2. When is the logarithmic growth phase of γδT cells during culture?
For peripheral blood-derived γδT cells, the exponential growth phase generally occurs between days 5 and 7. A significant growth surge is often observed following the medium replenishment on day 7.
3. Is an initial seeding density of 2×10⁶/mL mandatory?
The recommended seeding density is within the range of 2–2.5×10⁶ cells/mL. Deviations—either too high or too low—can negatively affect both the final yield and the proportion of γδT cells.
4. At what time point should cytotoxicity assays be conducted?
Short-term killing assays are typically conducted at 4–6 hours, while long-term effects are evaluated at 18–24 hours. Given the mechanism of γδT cells, an incubation of 8–20 hours is often recommended to better reflect their cytotoxic potential.
5. Can cord blood be used for γδT cell culture?
Yes, cord blood is a viable source for γδT cell culture. However, due to its limited availability, peripheral blood is generally preferred for routine expansion.
6. Which surface markers should be analyzed during γδT cell preparation?
Flow cytometry is typically used to assess CD3+ and γδTCR+ (specifically Vδ2+) populations.
7. How important is the freshness of the blood sample? Can frozen PBMCs be used? What if there’s no autologous plasma?

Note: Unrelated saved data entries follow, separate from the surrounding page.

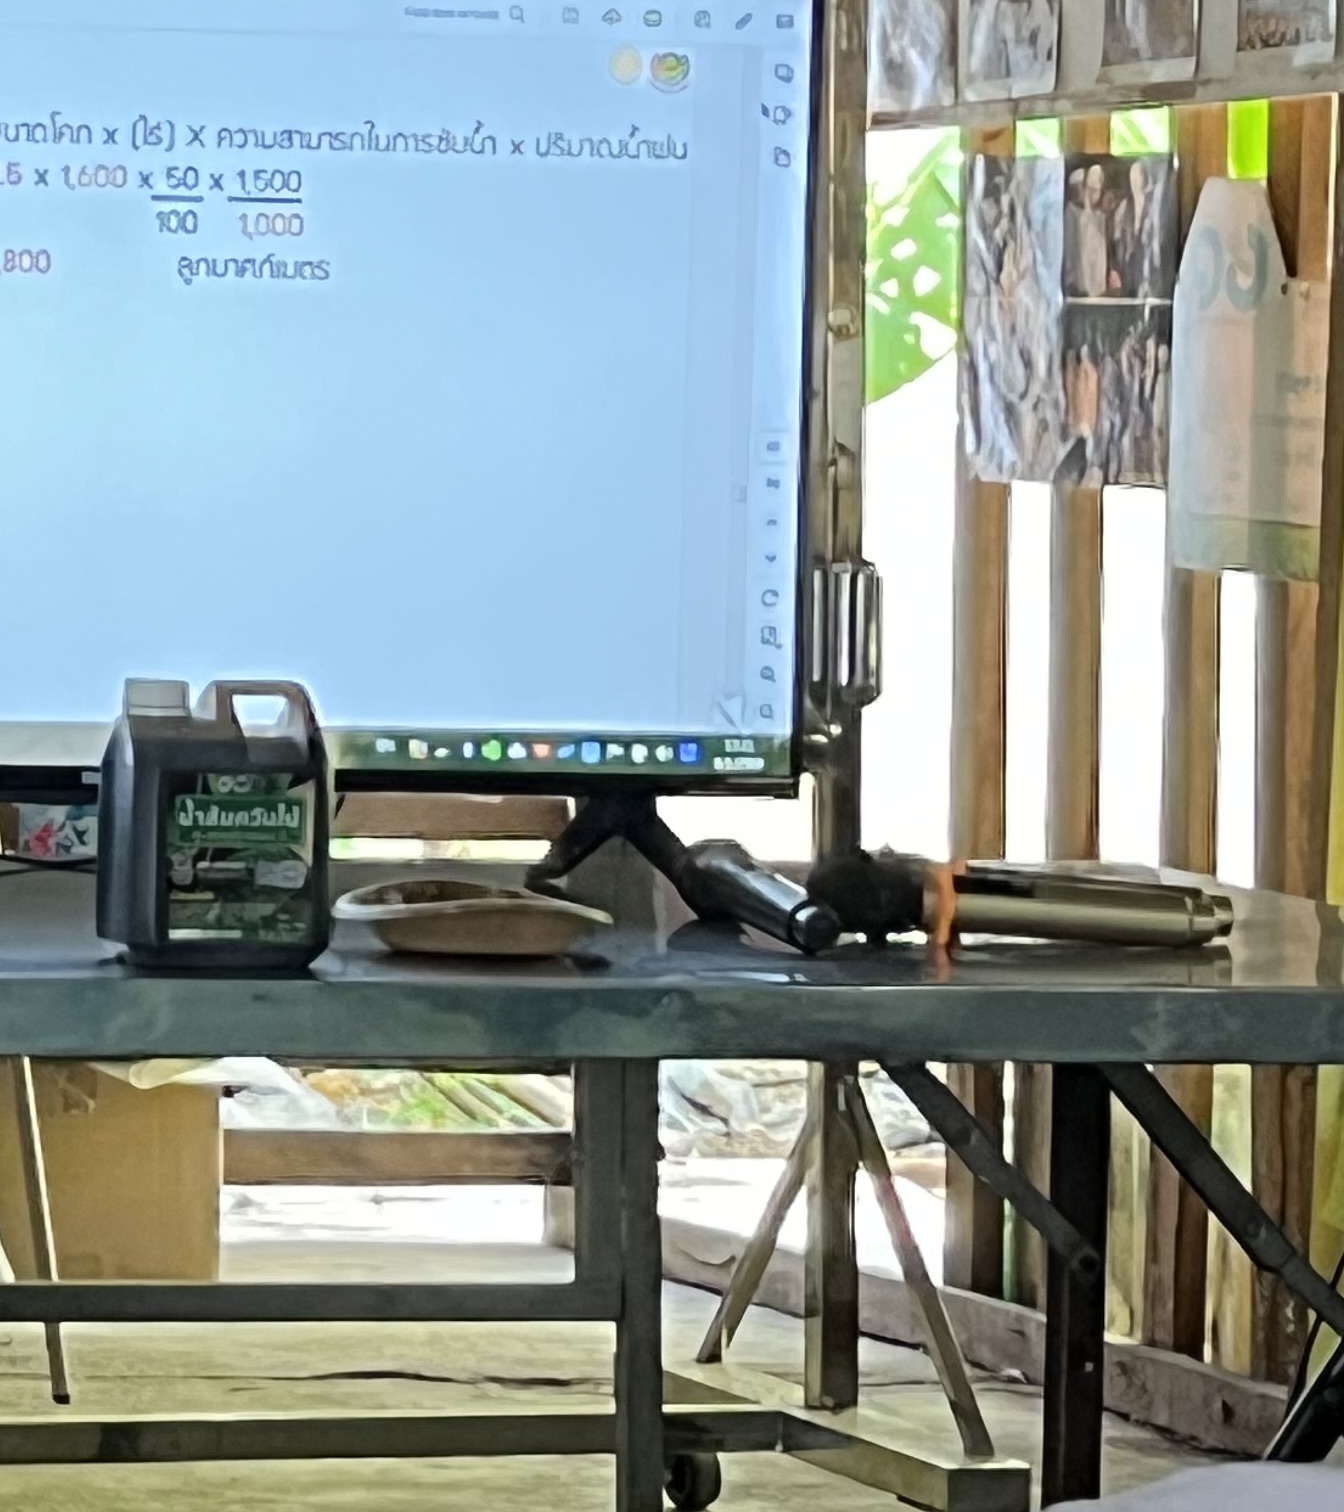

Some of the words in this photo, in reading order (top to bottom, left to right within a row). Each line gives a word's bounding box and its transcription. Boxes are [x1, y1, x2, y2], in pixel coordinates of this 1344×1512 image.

[536, 123, 687, 160] ปริมาณน้ำฝน
[61, 164, 127, 190] 1,600
[165, 166, 199, 190] 50
[236, 169, 302, 196] 1,500
[156, 208, 198, 234] 100
[238, 212, 304, 241] 1,000

Fresh samples generally yield better culture outcomes. However, frozen PBMCs can also be effectively used, provided they have been cryopreserved properly. Freezing does not significantly affect final yield or purity. If autologous plasma is unavailable, AB plasma or commercial plasma substitutes can be used. For blood collection, tubes containing sodium or lithium heparin are recommended.

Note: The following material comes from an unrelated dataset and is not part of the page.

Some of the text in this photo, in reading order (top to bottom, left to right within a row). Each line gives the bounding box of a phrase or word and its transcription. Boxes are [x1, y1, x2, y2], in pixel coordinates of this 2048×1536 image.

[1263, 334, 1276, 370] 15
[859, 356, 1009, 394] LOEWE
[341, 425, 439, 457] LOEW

8. How can GVHD risk be minimized?
Literature indicates that γδT cells pose a lower risk of graft-versus-host disease (GVHD) due to their MHC-unrestricted recognition and immune-modulatory subtypes. Our expansion system primarily promotes Vδ2+ γδT cells, which can secrete IL-10 and TGF-β, helping suppress inflammatory responses while maintaining anti-tumor activity. Alternatively, αβT cells can be depleted using magnetic beads to further reduce GVHD risk.
9. If γδT cells reach 90% purity, what are the remaining cells? Are they αβT cells?
The remaining cells are typically CD3+ T cells. To further characterize the residual population, CD4 and CD8 surface markers can be assessed.
10. Which initial sample parameters affect the final purity of γδT cells?
Donor health, blood quality, anticoagulant type, seeding density, and culture conditions all influence the final outcome. While initial γδT percentages are typically below 5%, the YOCON γδT Expansion Kit is designed to consistently induce high-purity γδT cells regardless of the starting phenotype.
11. What is the typical killing efficiency of γδT cells in functional assays?
In a 20-hour co-culture assay using day-14 γδT cells and K562 tumor targets, killing efficiency reached 64% at a 20:1 E:T ratio and 93% at a 40:1 ratio.